Il sindaco di Parma Pietro Vignali resta aggrappato allo scranno di primo cittadino, nonstante gli scandali, la corruzione e una giunta che gli si sbriciola in mano.
Dopo aver perso due assessori (dimissionari) in nemmeno sei ore, dopo gli undici arresti per corruzione che hanno coinvolto a vario titolo uomini a lui vicini, a partire dal comandante dei vigili urbani Jacobazzi che lo stesso sindaco aveva voluto per ricostruire l’immagine della polizia municipale dopo il caso Bonsu,Vignali continua imperterrito ad evitare una resa dei conti, perlomeno morale, con la città che ha amministrato con una certa disinvoltura da parecchio tempo.
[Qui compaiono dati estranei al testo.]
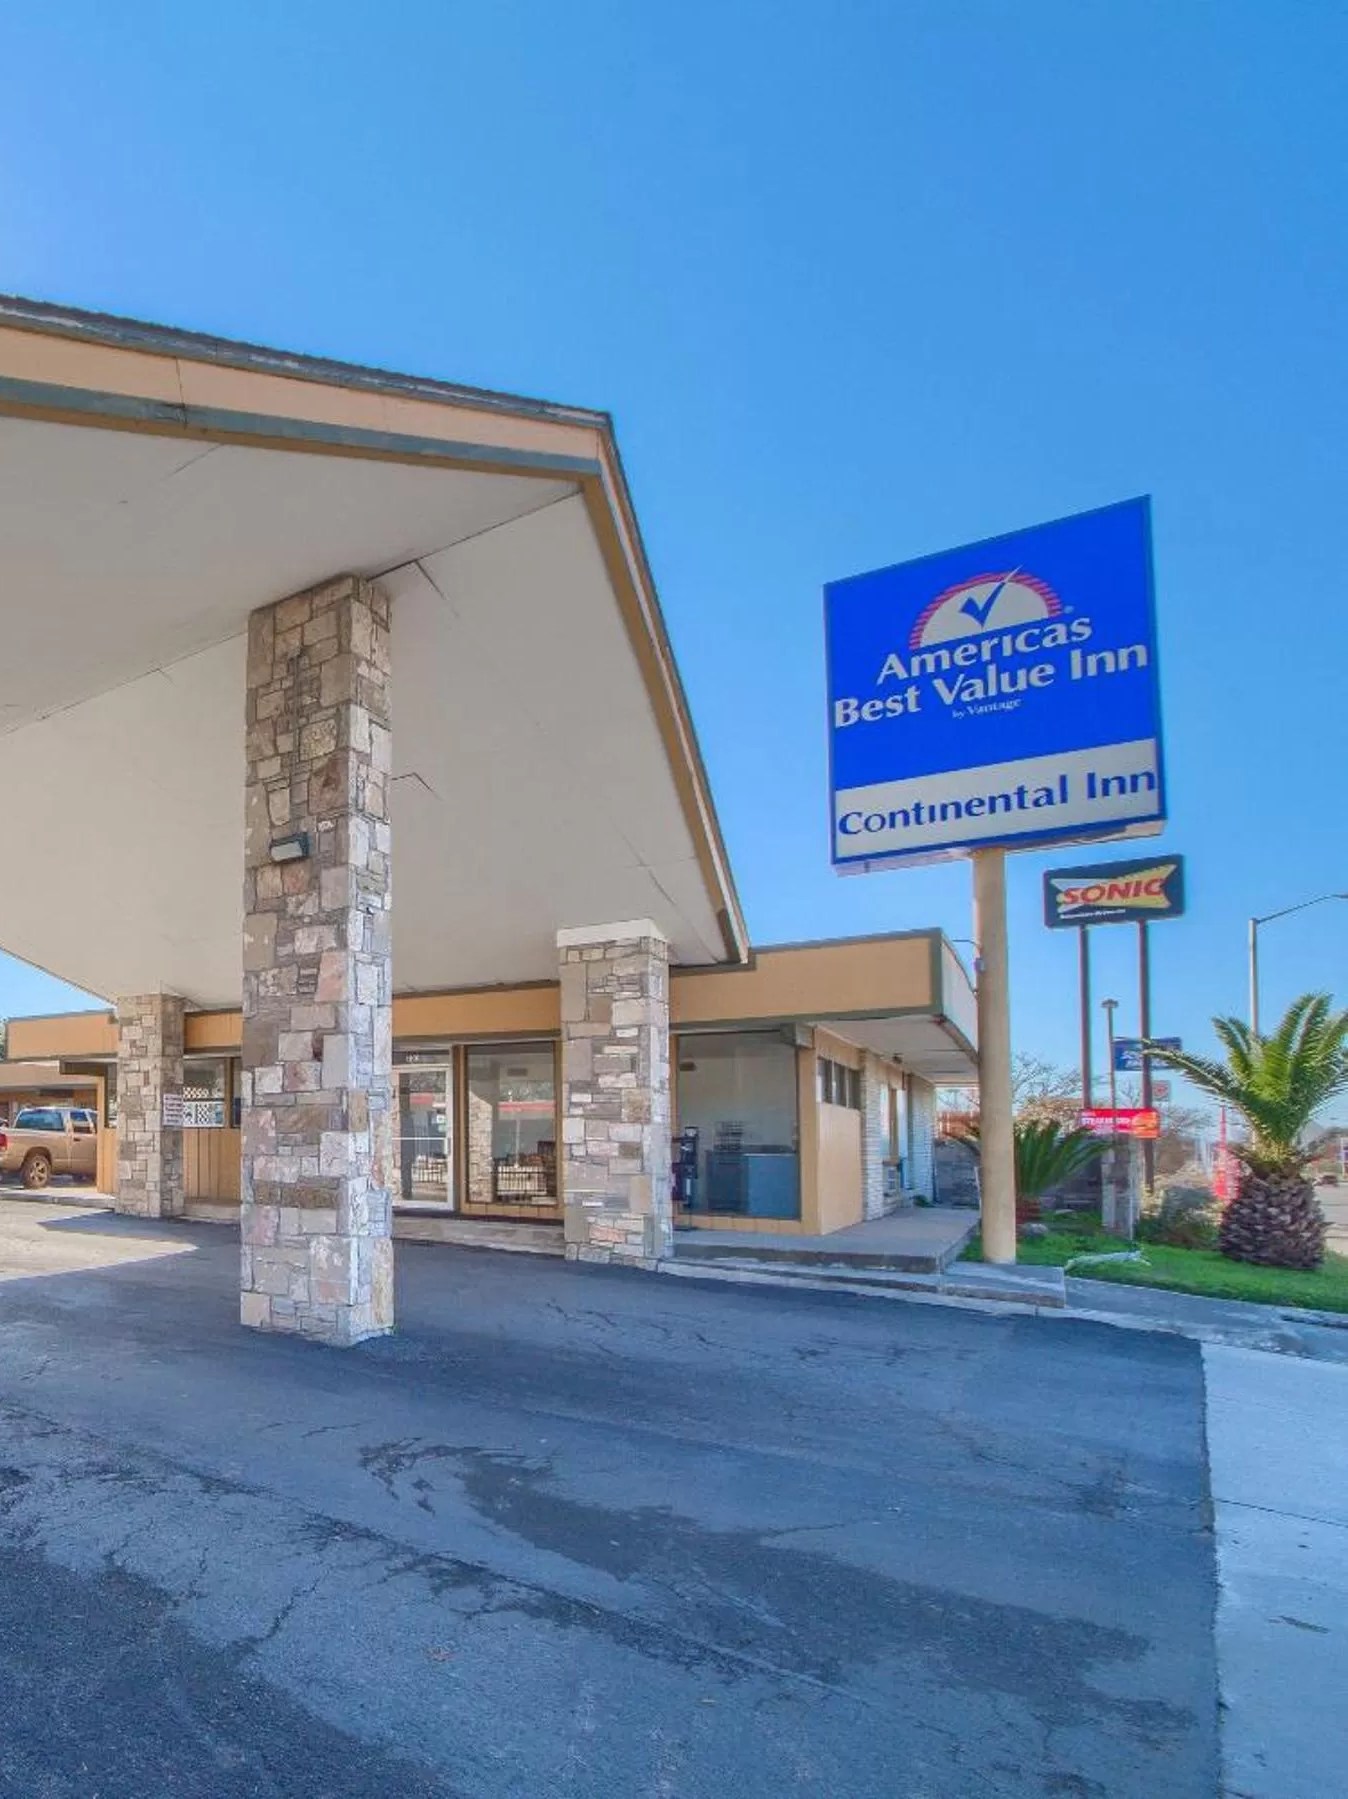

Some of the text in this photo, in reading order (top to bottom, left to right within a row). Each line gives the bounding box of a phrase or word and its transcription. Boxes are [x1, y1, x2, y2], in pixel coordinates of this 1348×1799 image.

[834, 643, 1149, 729] Best Value Inn
[875, 616, 1093, 687] Americas
[838, 769, 1156, 836] Continental Inn
[1062, 877, 1169, 905] SONIC
Undici arresti per corruzione, in un comune relativamente piccolo come quello di Parma, sarebbero di per sé già un valido motivo per farsi da parte. Ma a Parma, nell’epoca Vignali, non è successo solo questo. Quello che ha preoccupato maggiormente sono i buchi accumulati dalle società partecipate del Comune.
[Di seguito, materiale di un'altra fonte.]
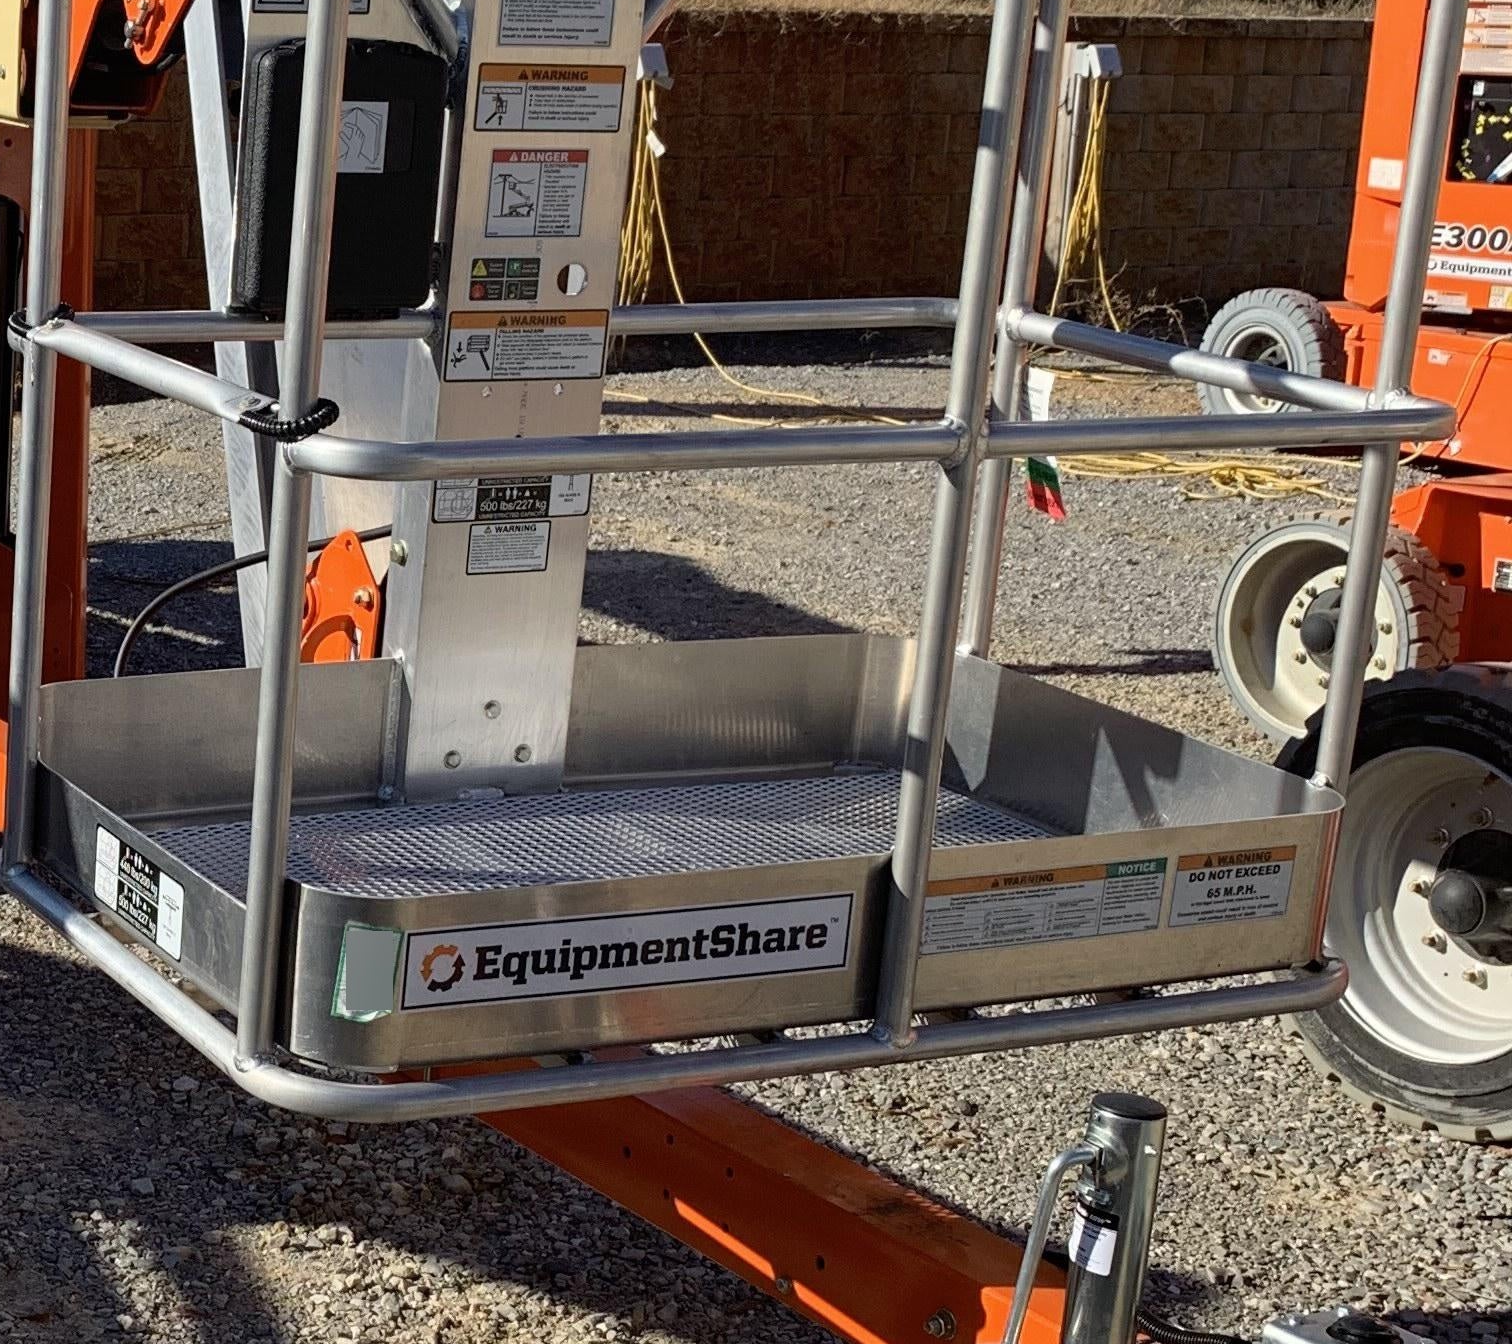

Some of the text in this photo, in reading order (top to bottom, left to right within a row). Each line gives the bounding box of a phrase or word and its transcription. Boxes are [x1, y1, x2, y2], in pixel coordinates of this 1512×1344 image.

[531, 69, 589, 81] WARNING
[521, 152, 569, 162] DANGER
[1431, 224, 1512, 252] E300
[510, 316, 568, 326] WARNING
[479, 501, 498, 512] 500
[500, 499, 533, 511] lbs/227
[535, 499, 547, 511] kg
[494, 524, 537, 534] WARNING
[1218, 851, 1272, 866] WARNING
[1118, 862, 1157, 875] NOTICE
[1189, 865, 1281, 883] DO NOT EXCEED
[1003, 873, 1054, 887] WARNING
[1207, 885, 1257, 899] 65 M.P.H.
[473, 921, 829, 985] EquipmentShare
A marzo l’ultimo campanello d’allarme di una lunga serie di critiche avvisaglie: le dimissioni del collegio dei revisori dei conti, con la conseguente nomina in fretta e furia del nuovo organo.
La situazione attuale non è solo preoccupante: le 32 società a capitale municipale, comunemente definite per uno strano scherzo del destino “controllate”, hanno portato in dote qualcosa come 335 milioni di euro di debiti a fine 2009 con un’esposizione arrivata a toccare quota 262 milioni quando nel 2007 era ferma a 139.
Operazioni sciagurate come quella della metropolitana per cui si attende ancora l’intervento del Governo, che provvederà parzialmente a rimborsare il Comune, il quale, però, dovrà superare ancora lo scoglio della Regione che si è messa di traverso, oltre ad affrontare il contenzioso con la Pizzarotti spa che avrebbe dovuto realizzare l’opera.
Altri incidenti di percorso di un disinvolto uso della finanza pubblica, come l’emblematico caso Tep e dei milioni “spariti” dalle disponibilità della società che gestisce il trasporto pubblico cittadino o l’operazione che ha portato a inglobare in Intesa la Banca del Monte di Parma (provata dall‘ affaire Parmalat e dall’ultimo crac, quello di Burani) sono le tappe di una via crucis che hanno portato all’attuale stallo con previsioni di fine anno che parlano di (almeno) 500milioni di euro di buco.
Nel 2008 Catania fu salvata da un intervento miracoloso – un assegno di 140 milioni firmato dal governo centrale – che evitò all’ultimo il peggio. Parma, oggi, si avvia pericolosamente lungo la stessa strada e operazioni di puro marketing come ad esempio la missione negli Emirati, strampalato tentativo di agganciare uno sceicco cui affibbiare il “baraccone” Spip coi suoi 90 milioni di debito e il conferimento del titolo di “Città Europea dello Sport 2011” (definito pomposamente il progetto dell’anno) paiono avere più che altro lo scopo di creare una cortina fumogena e distogliere l’attenzione generale di stampa e cittadini dal dissesto sempre più evidente.
Alla luce di tutto ciò, gli incroci pericolosi di starlette della corte di Lele Mora, quali Nadia Macrì e Sara Tommasi sulla via del sindaco Pietro Vignali. Infine, molto più pesanti, non di certo dal punto di vista mediatico, le sparate a zero del “commissario” Varazzani, l’uomo inviato dal ministro Tremonti a mettere una pezza sulle spregiudicate manovre amministrative relative alle municipalizzate più a rischio.
Ora le frecce a disposizione del sindaco parmense sono praticamente finite. Raschiato il barile, a Vignali&C. non servirebbe nemmeno rispolverare l’antica amicizia con Gianni Letta.
Il de profundis per la giunta Vignali è suonato. Chiedergli di dimettersi è il minimo che si possa fare.